• _The problem_: Write out the records that follow exactly. Do not include pictures.

☆ ☆ ☆ ☆ ☆

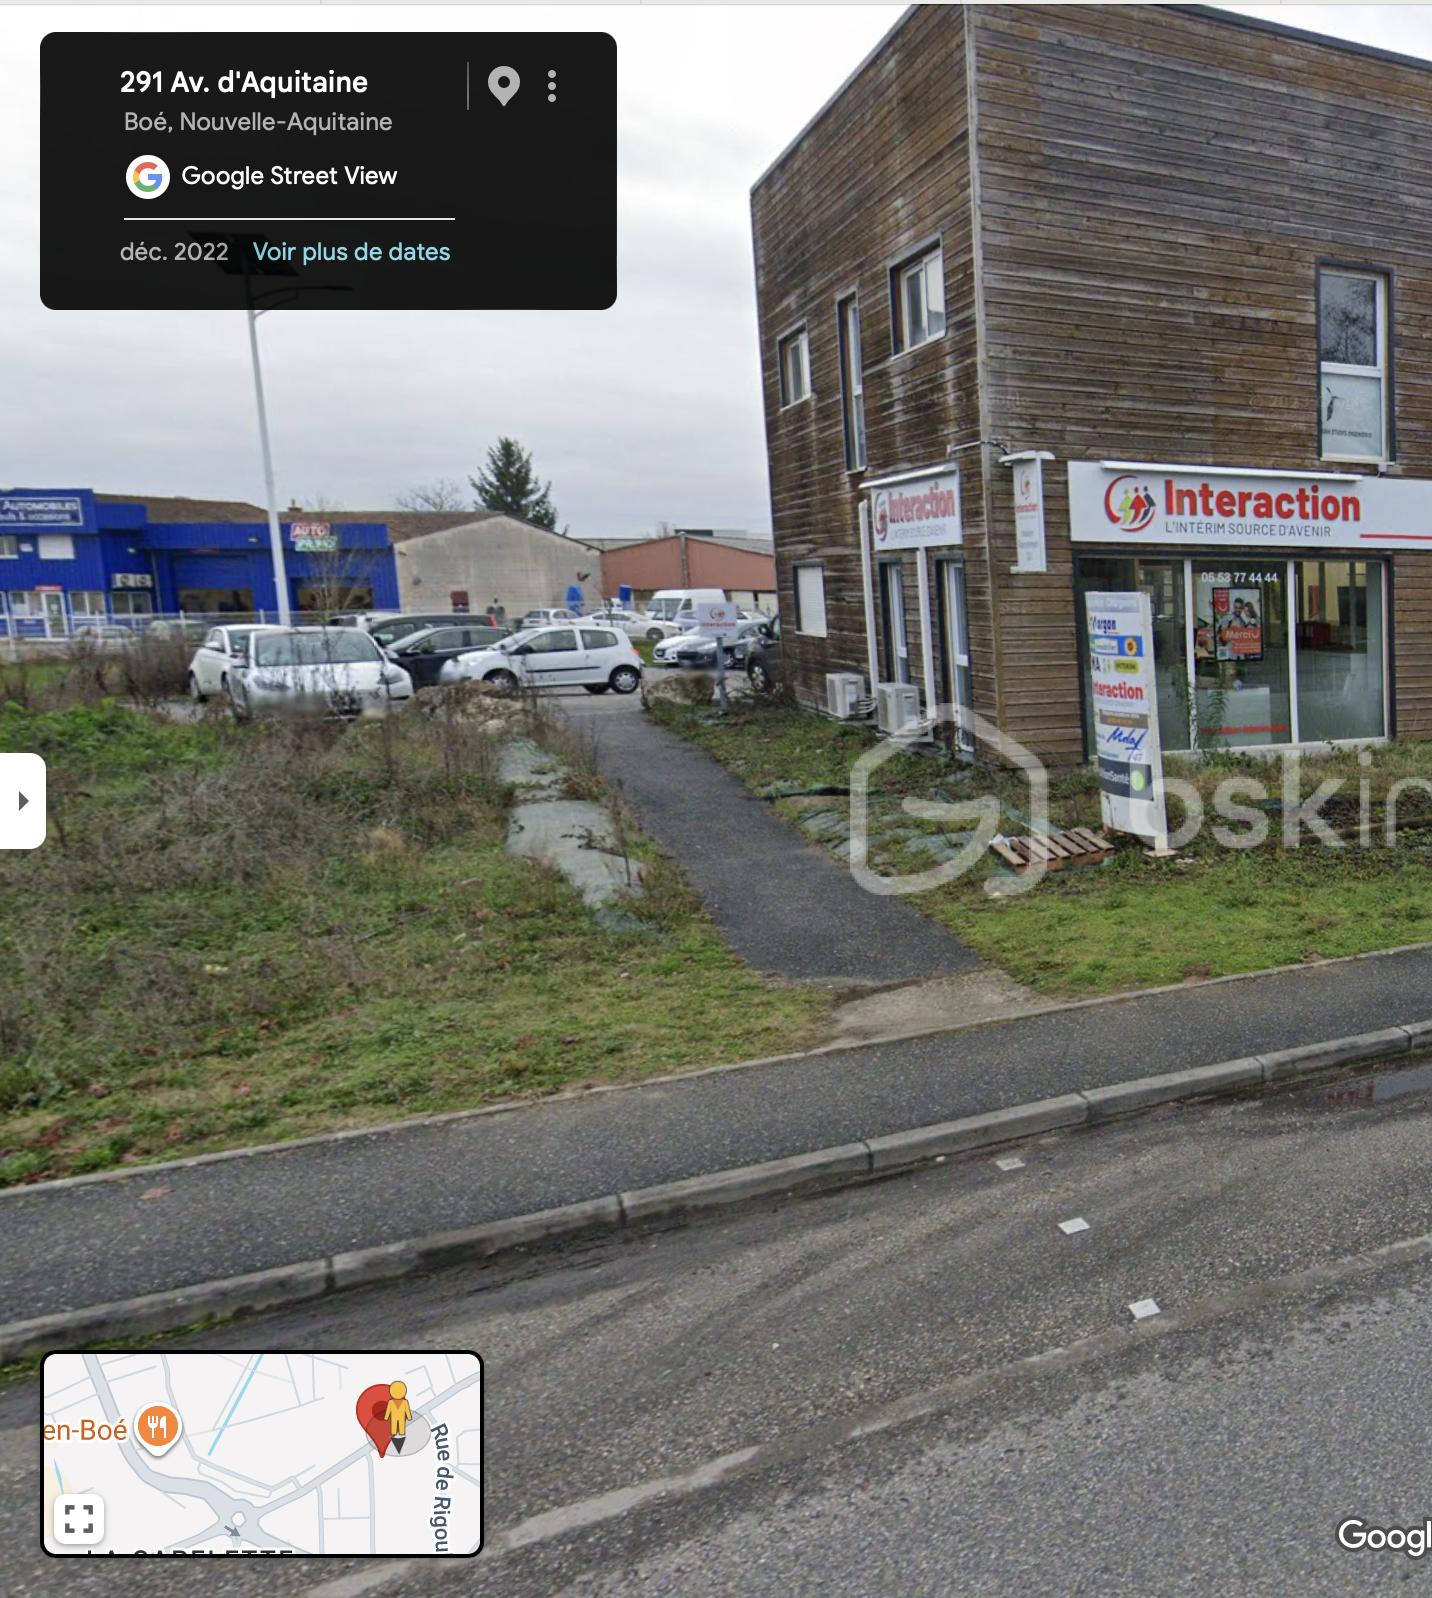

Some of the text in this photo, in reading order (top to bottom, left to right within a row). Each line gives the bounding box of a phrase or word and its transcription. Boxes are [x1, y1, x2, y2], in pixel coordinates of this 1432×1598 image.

[888, 481, 956, 524] Interaction
[1164, 479, 1361, 522] Interaction
[1228, 522, 1276, 536] SOURCE
[1279, 524, 1331, 537] D'AVENIR
[1201, 572, 1277, 583] 05 53 77 44 44
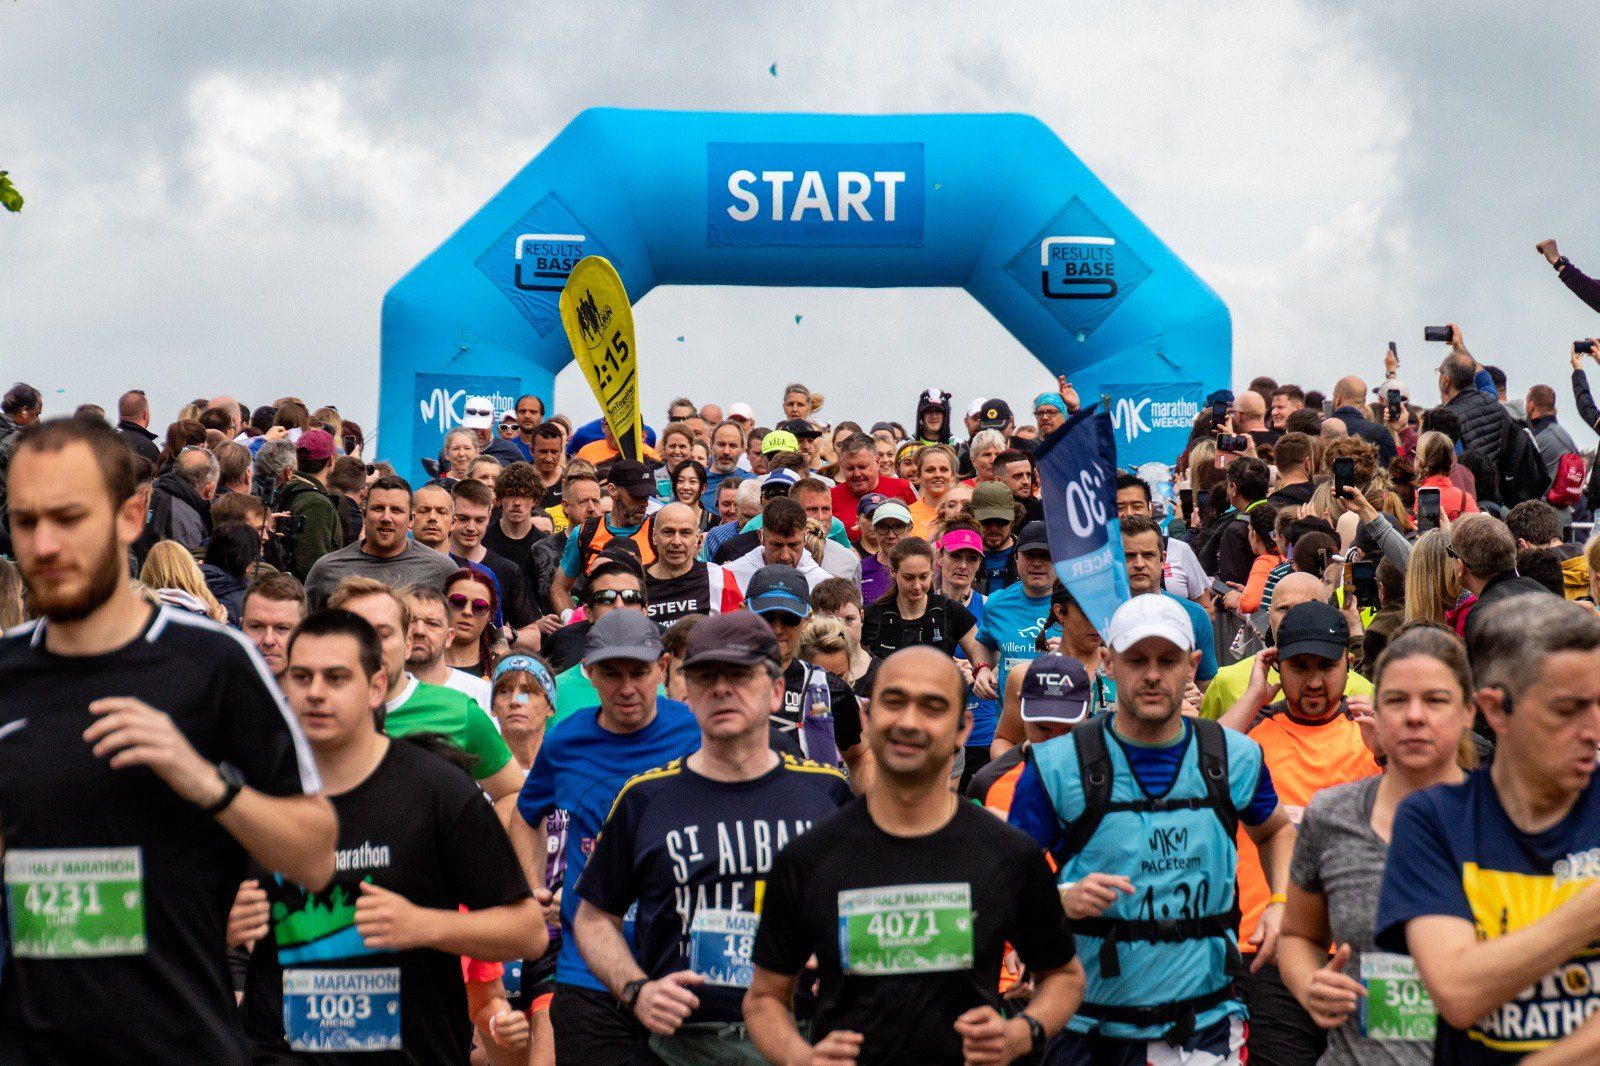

☆ ☆ ☆ ☆ ☆

• _Task solution_:
Some of the text in this photo, in reading order (top to bottom, left to right within a row). Each line gives the bounding box of a phrase or word and its transcription. Boxes are [x1, y1, x2, y2], in pixel coordinates of this 1432×1598 image.

[888, 481, 956, 524] Interaction
[1164, 479, 1361, 522] Interaction
[1228, 522, 1276, 536] SOURCE
[1279, 524, 1331, 537] D'AVENIR
[1201, 572, 1277, 583] 05 53 77 44 44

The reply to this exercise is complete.